Notes to the Condensed Financial Statements
1. General
Tau Capital plc (the "Company") is a closed-ended investment
fund incorporated and domiciled in the Isle of Man on 3 April 2007.
The Company was incorporated under the Companies Acts 1931-2004.
Following approval at the AGM held on 24 July 2012, the Company was
re-registered under the Companies Act 2006 with number 008604V. The
Company was originally established to allow investors the
opportunity to realise returns through investing in both public and
private businesses that are established in, operating in or have
exposure to Kazakhstan. Although Kazakhstan focused, the Company
also sought investment opportunities in the Kyrgyz Republic,
Uzbekistan, Turkmenistan, Tajikistan, Mongolia and Russia (the
"Investment Countries"). The Company is listed on the AIM of the
London Stock Exchange. The Company has no employees.

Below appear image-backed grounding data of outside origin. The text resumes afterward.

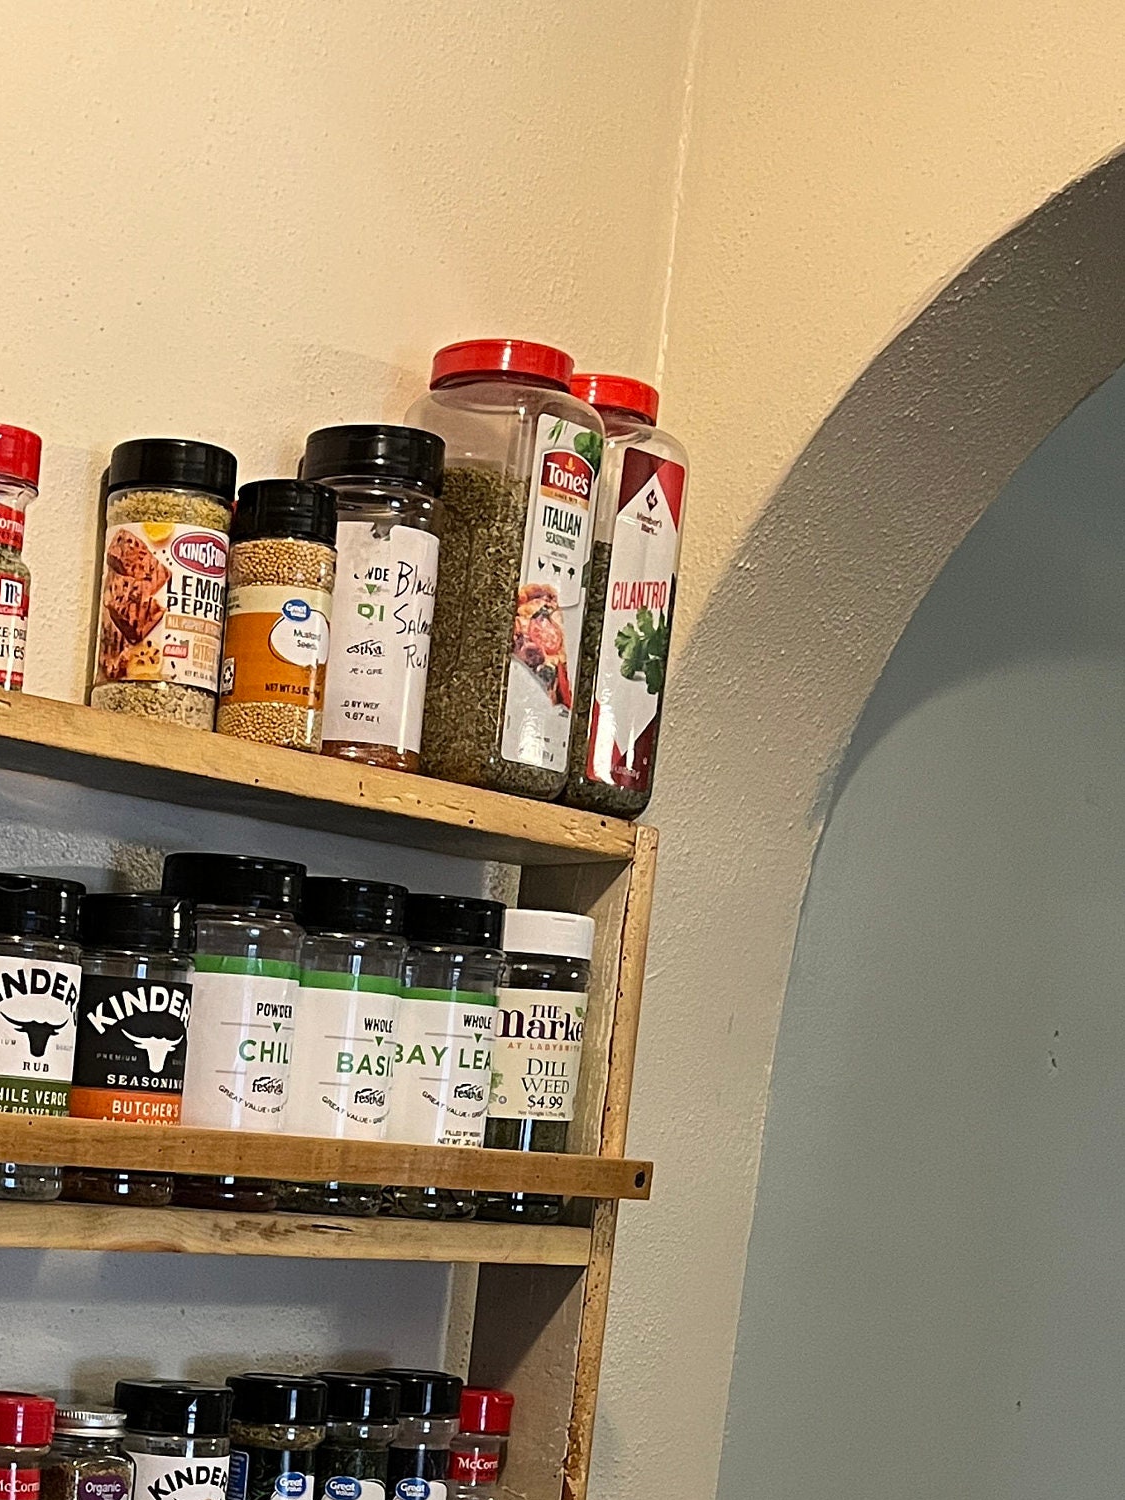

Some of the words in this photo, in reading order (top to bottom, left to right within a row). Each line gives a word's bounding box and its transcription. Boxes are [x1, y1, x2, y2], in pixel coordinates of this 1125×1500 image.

[543, 505, 582, 538] ITALIAN
[611, 581, 667, 611] CILANTRO
[256, 1002, 293, 1019] POWDER
[530, 1004, 562, 1019] THE
[364, 1017, 394, 1034] WHOLE
[463, 1014, 492, 1029] WHOLE
[394, 1043, 449, 1067] BAY
[23, 1061, 49, 1072] RUB
[526, 1058, 569, 1077] DILL
[521, 1077, 570, 1094] WEED
[36, 1090, 68, 1106] VERDE
[527, 1095, 563, 1110] $4.99
[112, 1100, 179, 1118] BUTCHER'S
[85, 1481, 122, 1497] Organic
[279, 1478, 303, 1488] Great
[329, 1481, 355, 1491] Great

The Company's investments are held by direct and indirect
subsidiaries. Tau (Cayman) L.P., a direct subsidiary, holds one
private investment as at the period end date (31 December 2016:
one; 30 June 2016: one). Tau SPV 1 Cooperatief W.A. ("Tau SPV 1"),
an indirect subsidiary, holds one private investment (31 December
2016: one; 30 June 2017: one)
Investing Policy
Tau Capital plc amended its Investing Policy in July 2012 as
follows:
- no new investments in Private Equity investments (as defined
in the Company's admission document dated 3 May 2007) will be made
with effect from the date of the meeting;
- no new investments in Public Equities (as defined in the
Company's admission document dated 3 May 2007) will be made by the
Manager (as defined in the Company's admission document dated 3 May
2007) on behalf of Tau (Cayman) LP with effect from the date of the
meeting without the prior approval of the Board;
- the sale of the liquid part of the portfolio of Public
Equities will be implemented within a period of three months;
- the sale of the remainder of the portfolio of Public Equities
will be implemented within a period of three to six months; and
- the sale of the portfolio of Private Equity investments will
be implemented within a period of 12 to 24 months, in the case of
(c), (d) and (e) the periods starting as from the date that a new
investment manager is appointed, provided that the Board shall have
the discretion to extend further any such period as appropriate in
respect of any specific investment.
The Company is currently implementing the investing policies
agreed at the 2012 AGM and has not made any new investments during
the period under review.
2. Statement of compliance
These interim financial statements have been prepared in
accordance with IAS 34 Interim Financial Reporting. They do not
include all of the information required for full annual financial
statements, and should be read in conjunction with the financial
statements of the Company as at the year ended 31 December 2016.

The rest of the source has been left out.